# Exercise aim:
Exact copies of all records below are needed.

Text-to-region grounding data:
################
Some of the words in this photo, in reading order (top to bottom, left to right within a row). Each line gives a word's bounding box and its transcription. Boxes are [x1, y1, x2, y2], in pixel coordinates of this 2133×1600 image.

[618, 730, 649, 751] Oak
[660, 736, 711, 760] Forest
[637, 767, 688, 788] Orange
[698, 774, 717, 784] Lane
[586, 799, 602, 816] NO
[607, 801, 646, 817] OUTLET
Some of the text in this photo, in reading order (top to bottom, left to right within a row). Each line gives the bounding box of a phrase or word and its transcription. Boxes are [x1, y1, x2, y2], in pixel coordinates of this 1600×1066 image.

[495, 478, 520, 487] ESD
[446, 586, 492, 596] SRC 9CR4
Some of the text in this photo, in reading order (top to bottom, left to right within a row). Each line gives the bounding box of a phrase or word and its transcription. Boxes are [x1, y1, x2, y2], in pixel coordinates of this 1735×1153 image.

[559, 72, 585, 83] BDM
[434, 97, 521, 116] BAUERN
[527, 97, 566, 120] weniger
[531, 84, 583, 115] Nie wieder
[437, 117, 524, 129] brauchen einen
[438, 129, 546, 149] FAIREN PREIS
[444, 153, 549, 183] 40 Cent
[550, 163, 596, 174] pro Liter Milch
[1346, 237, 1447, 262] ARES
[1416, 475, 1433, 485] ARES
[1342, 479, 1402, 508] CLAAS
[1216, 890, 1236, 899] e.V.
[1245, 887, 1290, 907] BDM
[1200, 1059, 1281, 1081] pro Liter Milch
################
# Solved problem:
Some of the words in this photo, in reading order (top to bottom, left to right within a row). Each line gives a word's bounding box and its transcription. Boxes are [x1, y1, x2, y2], in pixel coordinates of this 2133×1600 image.

[618, 730, 649, 751] Oak
[660, 736, 711, 760] Forest
[637, 767, 688, 788] Orange
[698, 774, 717, 784] Lane
[586, 799, 602, 816] NO
[607, 801, 646, 817] OUTLET
Some of the text in this photo, in reading order (top to bottom, left to right within a row). Each line gives the bounding box of a phrase or word and its transcription. Boxes are [x1, y1, x2, y2], in pixel coordinates of this 1600×1066 image.

[495, 478, 520, 487] ESD
[446, 586, 492, 596] SRC 9CR4
Some of the text in this photo, in reading order (top to bottom, left to right within a row). Each line gives the bounding box of a phrase or word and its transcription. Boxes are [x1, y1, x2, y2], in pixel coordinates of this 1735×1153 image.

[559, 72, 585, 83] BDM
[434, 97, 521, 116] BAUERN
[527, 97, 566, 120] weniger
[531, 84, 583, 115] Nie wieder
[437, 117, 524, 129] brauchen einen
[438, 129, 546, 149] FAIREN PREIS
[444, 153, 549, 183] 40 Cent
[550, 163, 596, 174] pro Liter Milch
[1346, 237, 1447, 262] ARES
[1416, 475, 1433, 485] ARES
[1342, 479, 1402, 508] CLAAS
[1216, 890, 1236, 899] e.V.
[1245, 887, 1290, 907] BDM
[1200, 1059, 1281, 1081] pro Liter Milch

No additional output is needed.